As the child of an alcoholic—and a verbally incestuous alcoholic at that—Jackie sought ways to deny the existence of the painful and ugly. She did not hear things she did not want to hear; she did not see things she did not want to see.
“If something unpleasant happens to me, I block it out,” she once said. “I have this mechanism.”
Jackie’s father provided her with the mechanism: style.
“Style is not a function of how rich you are, or even who you are,” Black Jack told Jackie in what was his most important lesson. “Style is a habit of mind that puts quality before quantity, noble struggle before mere achievement, honor before opulence. It’s what you are. It’s your essential self. It’s what makes you a Bouvier.”
It was the Bouvier in Jackie that had prompted her to enter Vogue magazine’s famous Prix de Paris writing contest when she was in college. The first-prize winner was offered a trial period as a junior editor on French Vogue, and a permanent position on the staff of New York Vogue if she made good.
Asked by the organizers of the contest to write an essay on “People I Wish I Had Known,” Jackie chose three unusual artists: the French poet Charles Baudelaire, the Irish author Oscar Wilde, and the Russian ballet impresario Sergei Diaghilev. Her choices reflected her father’s influence.

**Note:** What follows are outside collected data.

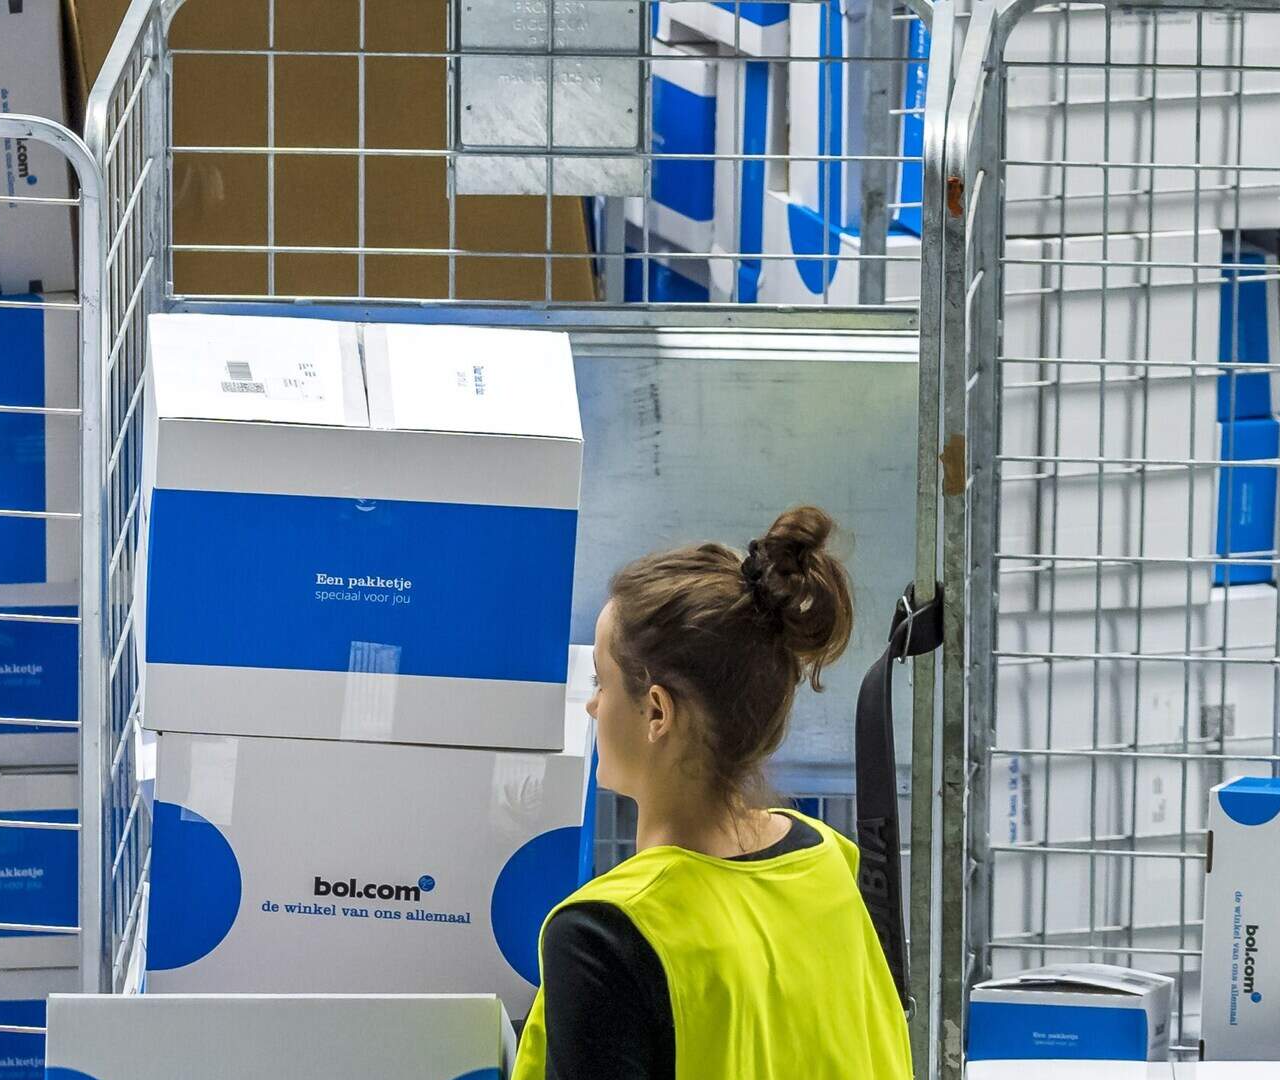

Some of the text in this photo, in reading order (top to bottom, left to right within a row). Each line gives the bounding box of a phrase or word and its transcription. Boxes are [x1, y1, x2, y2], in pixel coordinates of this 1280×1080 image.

[315, 573, 412, 592] Een pakketje
[315, 590, 411, 606] speciaal voor jou
[313, 876, 421, 902] bol.com
[261, 901, 472, 925] de winkel van ons allemaal
[1229, 890, 1243, 1026] de winkel van ons allemaal
[1243, 924, 1260, 993] bol.com

“If I could be a sort of Overall Art Director of the Twentieth Century, watching everything from a chair hanging in space,” Jackie wrote in her essay, which won first prize, “it is [the theories of Baudelaire, Wilde, and Diaghilev] that I would apply to my period, their poems that I would have music and painting and ballets composed to.”
Here, in her own words, was the best definition the world would ever get of Jackie. She saw herself as a detached observer safely suspended in space, a sort of celestial figure wh
o employed the power of male gods to make things turn out her way.

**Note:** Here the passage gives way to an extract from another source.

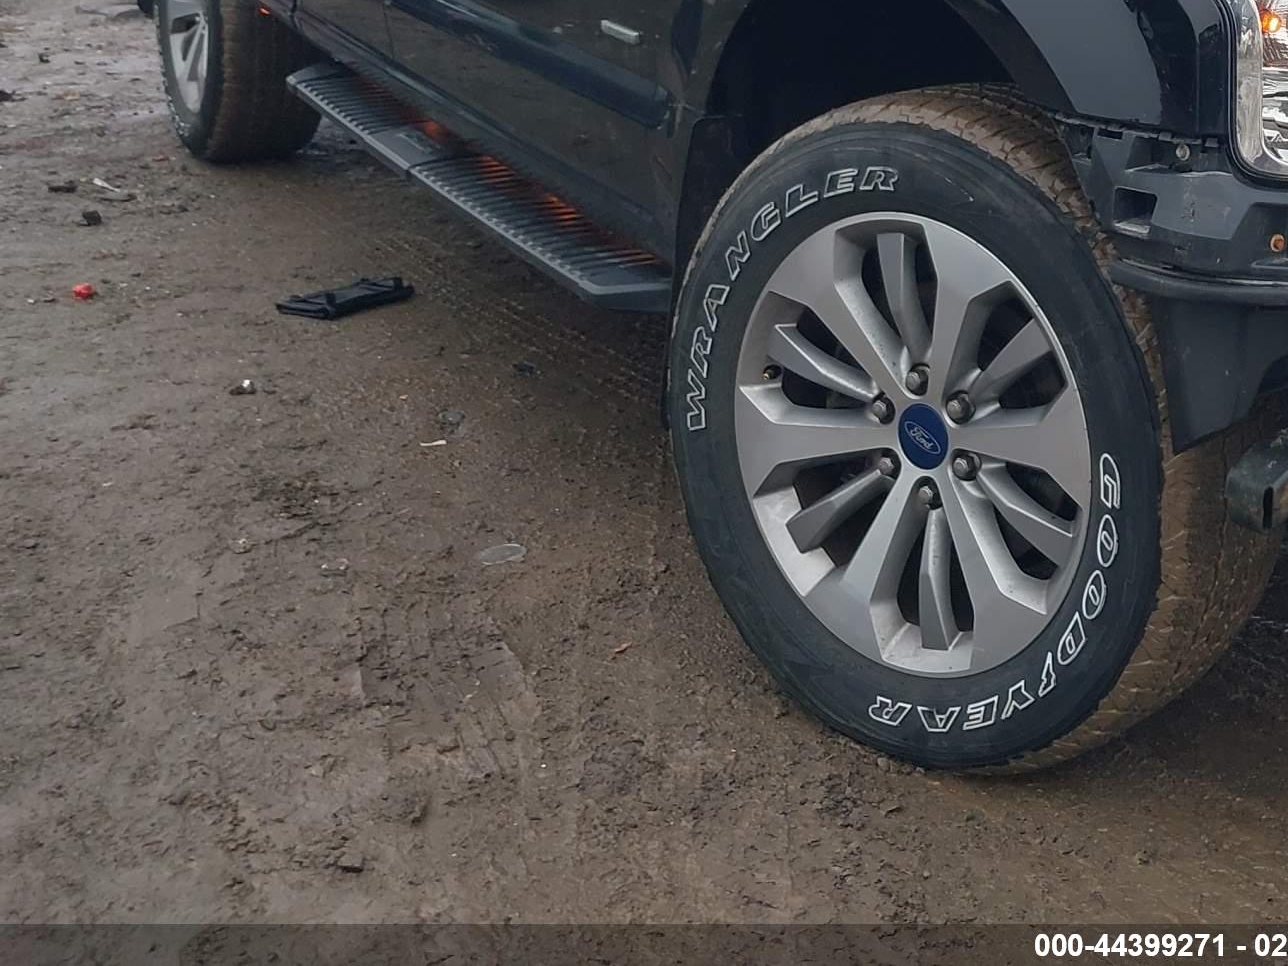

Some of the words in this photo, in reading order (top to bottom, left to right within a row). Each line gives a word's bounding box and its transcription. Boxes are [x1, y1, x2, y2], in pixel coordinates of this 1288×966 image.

[686, 166, 899, 431] WRANGLER
[910, 426, 934, 450] Ford
[868, 453, 1120, 733] GOODYEAR

“It was a sensibility best described as ‘artistic’ in that it was her own ‘version’ of things,” wrote her stepsister Nina Auchincloss Straight. “Sometimes it was caught in her caricatures—simple, yet detailed, intimately funny pen, ink, and watercolor sketches of family and friends. But her singular view of life could best be seen in a photograph. Pictures were about being beautiful, brave; they were about family relations and friends. Her photograph of choice would have been the kind selected for a postcard: what to look like in life. Jackie knew what kind of a ‘postcard’ she wanted to send, as well as what message she wanted to deliver on the flip side.”
Jackie’s genius for staging artistic effects was apparent from the moment she entered the White House, her “chair hanging in space,” where she reigned as a supreme, if detached, first lady. She became an inspiration to a generation of postwar Americans, who yearned to be shown what to do with their newfound affluence. She taught these ambitious but socially insecure Americans how to dress, decorate their homes, raise their children, and become confident consumers of culture.
In years to come, it became popular to dismiss Jackie as a woman of great personal style but little real accomplishment. She was no Eleanor Roosevelt, it was said. Some people sneered at her interest in interior design, flower arrangement, and fancy sit-down dinners.
But that was not only unfair, it was untrue. Jackie wielded great power. But she wielded it indirectly, like an art director, and through men. If the primary role of a president’s spouse is to generate popular support for the man who occupies the Oval Office, then Jackie had to be ranked as one of the most effective first ladies in American history.